Linder also unwittingly helped some new owners get in the game. One afternoon during sales week, he spent some time at the racetrack making $2 bets that kept coming home winners. The people in the box next to him, who had been losing fistfuls of cash at the windows, took notice and asked him to pick one for them in the last race. Linder, startled, saw a horse he happened to know and picked him, despite the fact that his last race had been a steeplechase and his odds were long. Tongue in cheek, Linder explained that the horse would run well to prevent himself from having to go jumping again, and the fellows in the box bet the horse. He won.

"The least you can do is come buy a horse from me," Linder jokingly told the men.

"That night, after the sale, there they were at my barn," he recalled. "They said, 'Well, we just bought our first horse.' I couldn't believe it."

The story points up the special symbiosis between Saratoga's racetrack and sales, whereby people infected by the glamor and excitement of the track decide they have to have a horse now. Luckily for them, there happens to be an auction barely a block away.

"It's hugely beneficial," Collier said. "If you get a big maiden winner by a young sire across the street, it will immediately add luster to his yearlings at the sale. It's like spraying barbecue fuel on a fire."

Despite its moments of high drama, the Saratoga sale's predominant atmosphere is one of bucolic relaxation. That, too, works to the sale company's advantage.

"We are given the chance to sit under a tree in a deck chair with a consignor every afternoon and review where they are in the sale process," Collier said. "That's almost impossible to do at any other sale. You come to Saratoga with the idea of relaxing, and it's very difficult to raise your stress level there. Driving into Saratoga or flying into the Saratoga or Albany airport is like getting on a cruise ship."

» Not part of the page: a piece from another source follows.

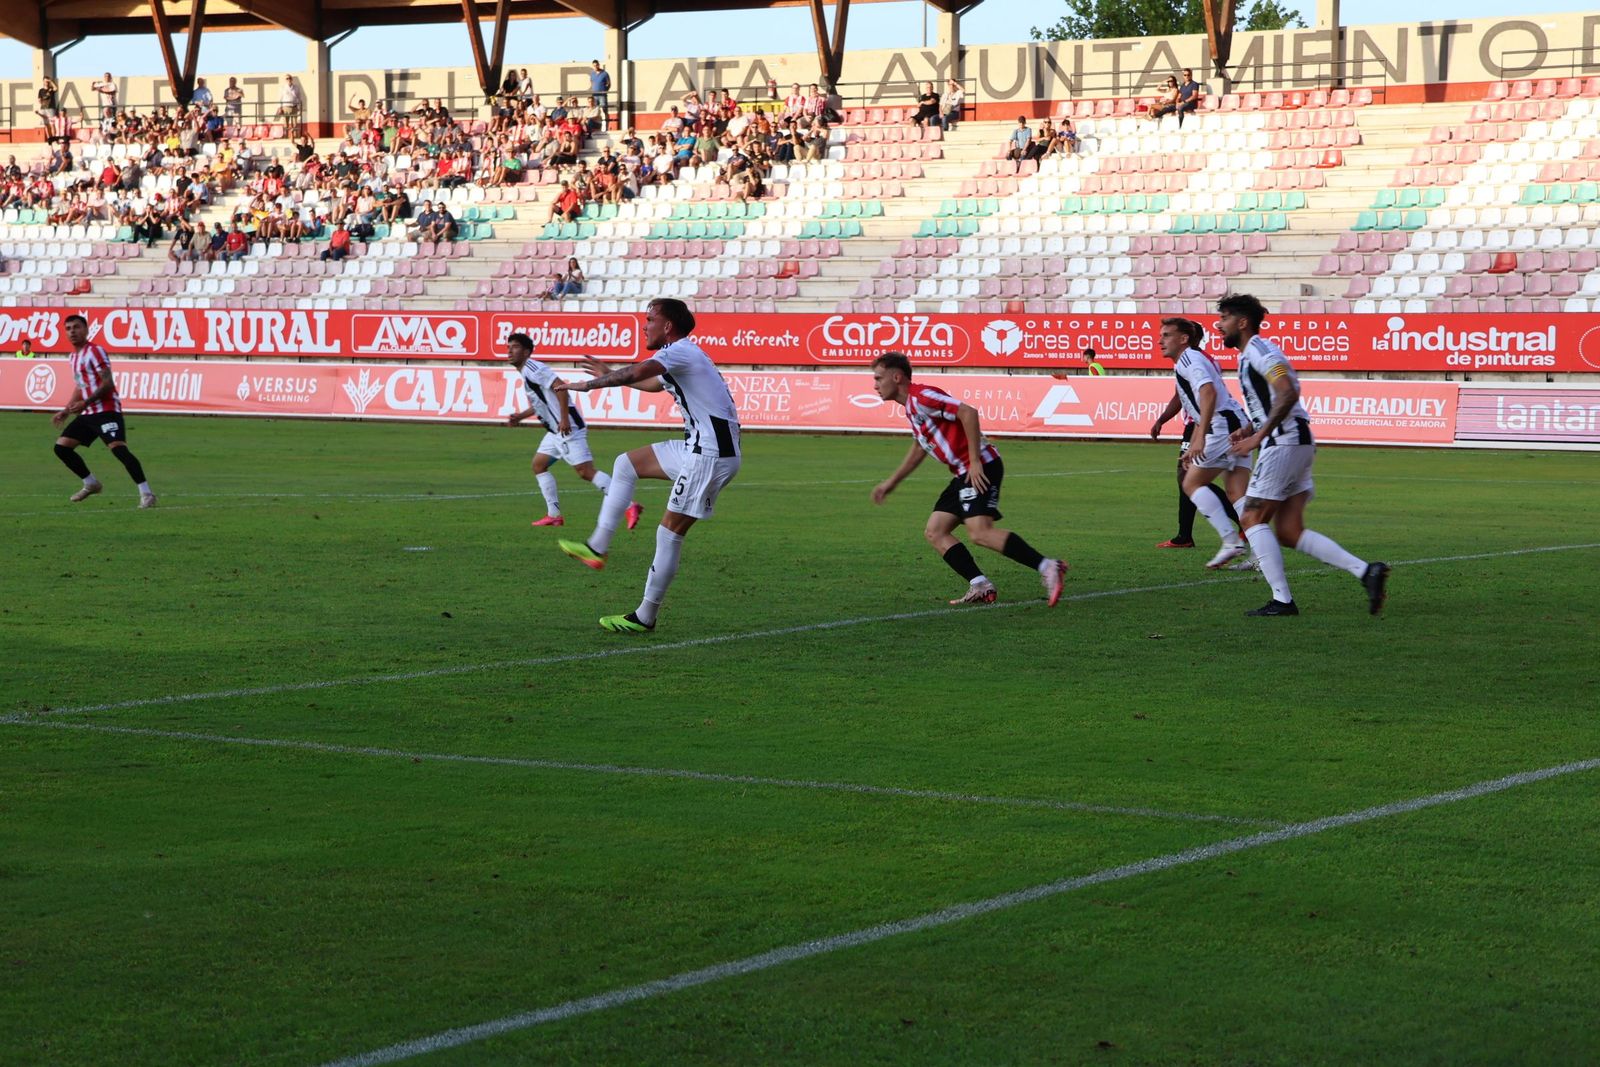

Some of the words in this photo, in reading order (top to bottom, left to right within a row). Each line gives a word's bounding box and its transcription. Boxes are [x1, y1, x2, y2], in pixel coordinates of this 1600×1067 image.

Even Linder, in the hot seat for almost 50 years of selling yearlings at the Spa, agrees.

"Saratoga's sales and racetrack have something that almost doesn't exist anymore," he said. "It's a combination of special elements. Saratoga is a gathering of the clan, and they come from everywhere to be there. Millionaires looking at horses push their way through a crowd of people who might not be able to buy a hot dog. It's small and intimate, everyone is there, and pretty much anything can happen."

"Everything happens there," said Fasig-Tipton president Robertson. "We've had the lights go out, we've had floods. We've frozen to death up there, and we've gotten too hot. But it's still the place to go and be seen, and for three nights, it's the center of our game."